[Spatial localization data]
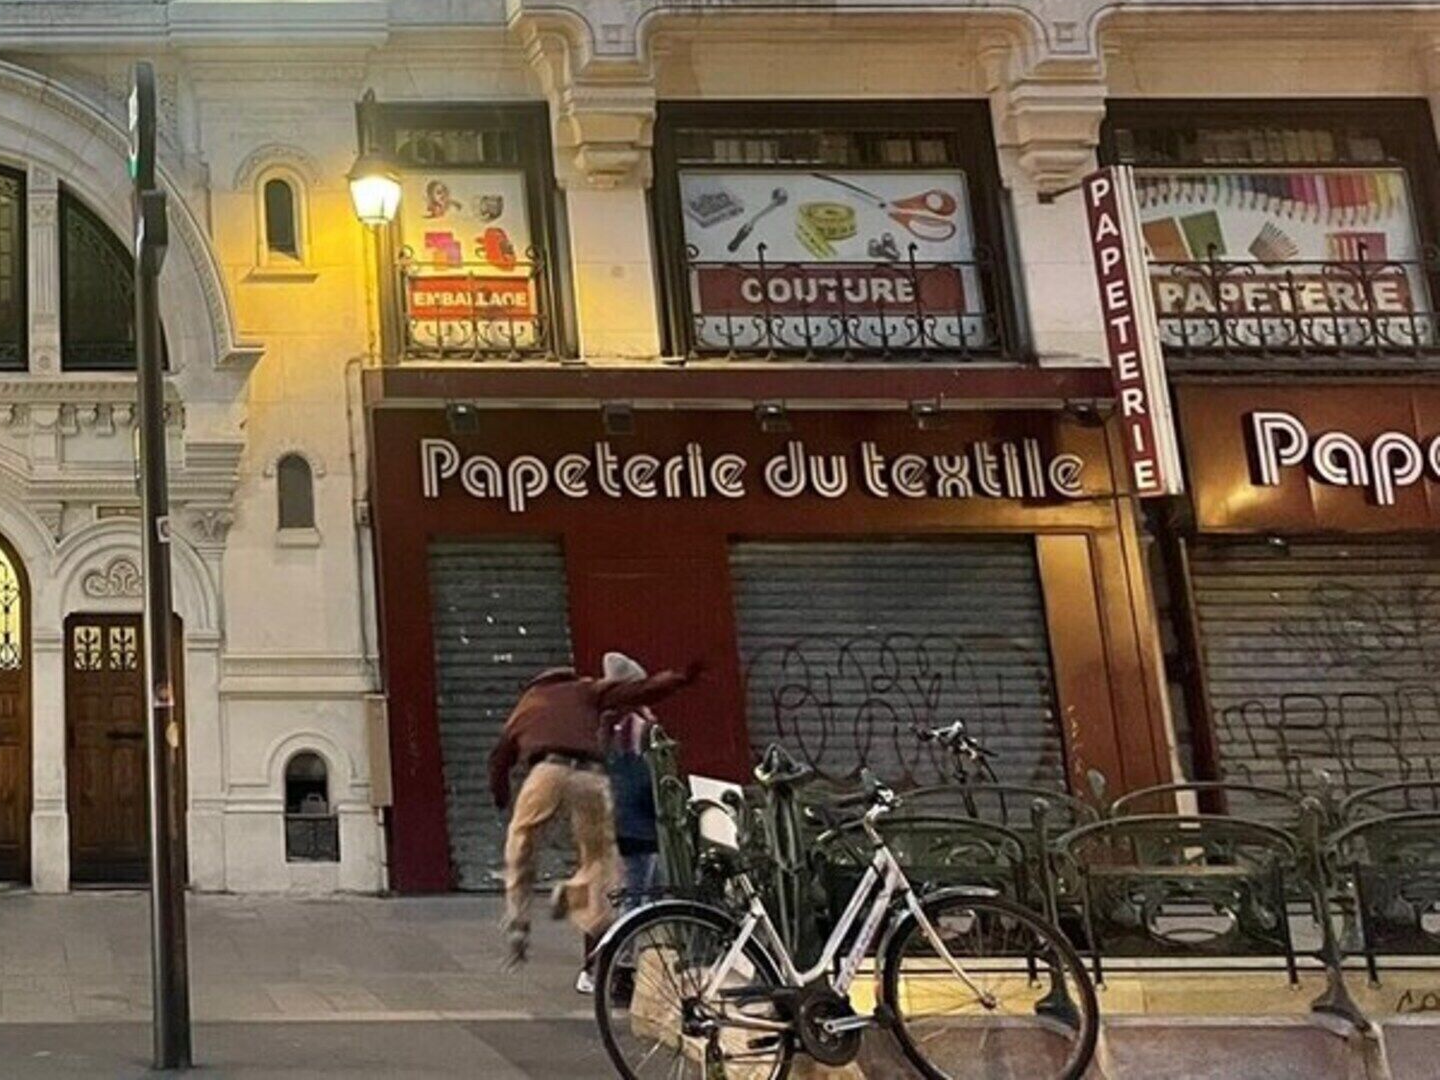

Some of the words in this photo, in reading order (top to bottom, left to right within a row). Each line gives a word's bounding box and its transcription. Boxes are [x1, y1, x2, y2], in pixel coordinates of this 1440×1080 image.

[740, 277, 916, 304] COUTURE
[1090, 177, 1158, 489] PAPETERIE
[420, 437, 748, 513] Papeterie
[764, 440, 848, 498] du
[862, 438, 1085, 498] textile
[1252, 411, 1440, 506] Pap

#### Task details
Retype the data above verbatim, minus images.

#### Response to the exercise
Some of the words in this photo, in reading order (top to bottom, left to right within a row). Each line gives a word's bounding box and its transcription. Boxes are [x1, y1, x2, y2], in pixel coordinates of this 1440×1080 image.

[740, 277, 916, 304] COUTURE
[1090, 177, 1158, 489] PAPETERIE
[420, 437, 748, 513] Papeterie
[764, 440, 848, 498] du
[862, 438, 1085, 498] textile
[1252, 411, 1440, 506] Pap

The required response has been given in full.